Koestler awards, Ariane Bankes Outstanding Award for Oil 2008

Koestler awards, Ariane Bankes Outstanding Award for Oil 2008

The lawyers of a man jailed for 17 years are to challenge a decision to refuse to pay compensation after his conviction was quashed at the end of last year. The judicial review in the case of Victor Nealon (see here for background) will also challenge the new regime introduced under this year’s Anti-Social Behaviour, Crime and Policing Act which further restricts eligibility for compensation for miscarriages of justice to those who can demonstrate their innocence ‘beyond reasonable doubt’.

Victor Nealon picVictor Nealon was convicted of attempted rape in 1997 outside a nightclub in Redditch. The evidence used to secure his conviction was a disputed ID parade and a weakened alibi. The former postman spent 17 years behind bars before his conviction was quashed last December after DNA evidence pointed to another man as the perpetrator. Nealon always maintained his innocence. Nealon spent his first night of freedom sleeping on the streets of Birmingham.

‘I confirm that we are issuing a challenge against the MOJ over the scandalous refusal to pay Victor Nealon miscarriage of Justice compensation,’ Nealon’s solicitor Mark Newby said yesterday. ‘The challenge will be brought based on the fact that Victor Nealon can show ‘beyond reasonable doubt’ that he did not commit the offence – in other words, meeting the new test under the 2014 legislation – and secondly that the new test breaches the presumption of innocence.’

The letter before action quotes the secretary of state’s own words in its decision letter not to pay compensation (more here):

‘Whilst the Court of Appeal decided, ultimately that the jury may reasonably have reached the conclusion, based on the DNA evidence, that it was a real possibility that the “unknown male” and not the applicant was the attacker.’

Meanwhile West Mercia police have re-opened the investigation into the attempted rape. ‘Given the historic nature of this matter further investigation may take a considerable amount of time,’ said Detective Superintendent Adrian McGee. ‘We are continuing to liaise over this with the victim and we have also informed Mr Nealon and his representatives.’

The Anti-Social Behaviour, Crime and Policing Act 2014 amended the Criminal Justice Act 1988, section 133 and further narrowed eligibility to apply for compensation for miscarriages of justice to those who can demonstrate their innocence ‘beyond reasonable doubt’. (Under section 133, a victim of a miscarriage is eligible for compensation if they can show that they have been convicted of a criminal offence and that subsequently their conviction had been reversed on appeal, on reference by the Criminal Cases Review Commission, or pardoned on the ground that a new, or newly discovered fact showed beyond reasonable doubt that there has been a miscarriage of justice.)

In 2006 the then home secretary Charles Clarke scrapped an ex gratia scheme allowing compensation for victims of miscarriages as part of New Labour’s ‘rebalancing’ of the criminal justice system.
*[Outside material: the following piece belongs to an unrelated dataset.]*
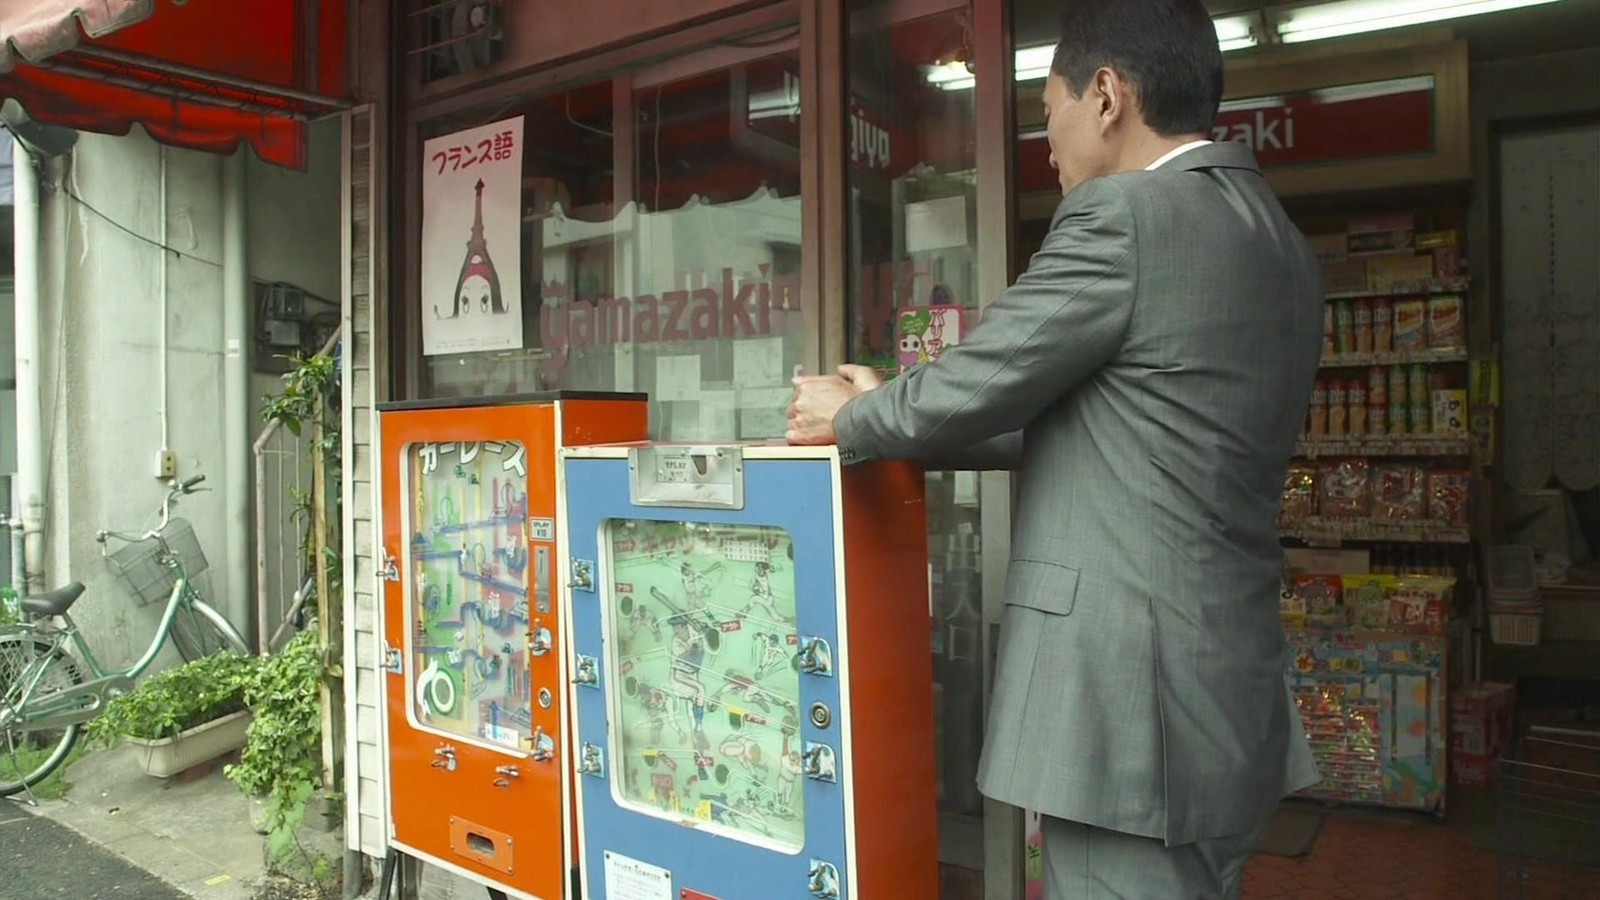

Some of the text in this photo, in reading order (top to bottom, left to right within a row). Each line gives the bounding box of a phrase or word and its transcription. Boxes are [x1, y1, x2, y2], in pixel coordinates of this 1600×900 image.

[432, 131, 513, 175] フランス語
[540, 263, 771, 370] yamazaki
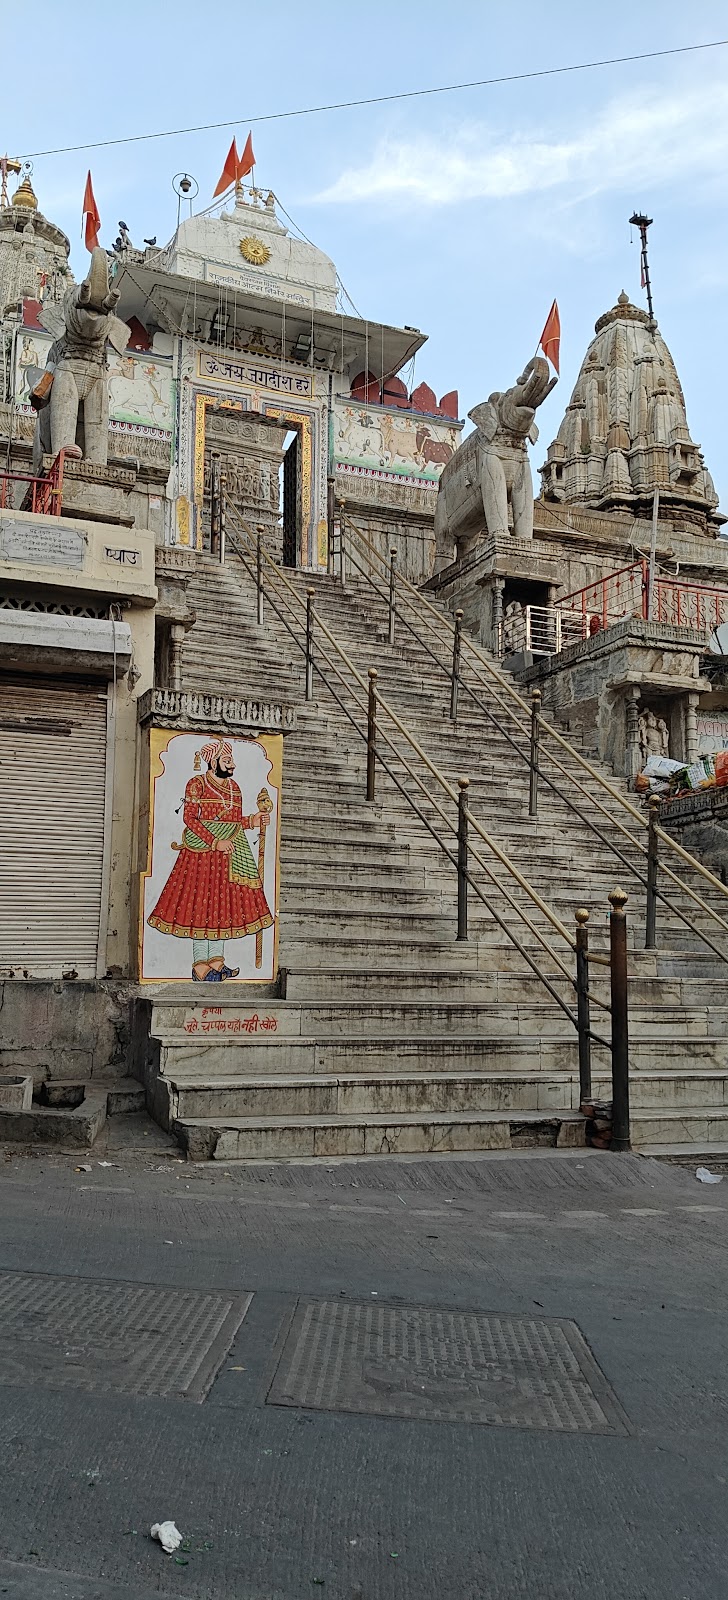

As a result of Charles Clark’s intervention, the only people who now get compensation are those who have a statutory right under section 133. Professor John Spencer QC, of Cambridge University, damned New Labour’s abolition of that scheme as ‘monstrous’ and called on the coalition government to ‘right this wrong’. The academic described section 133 as ‘very mean’ and drafted to ensure that ‘so far as possible no one ever has a right to anything’. Read more here.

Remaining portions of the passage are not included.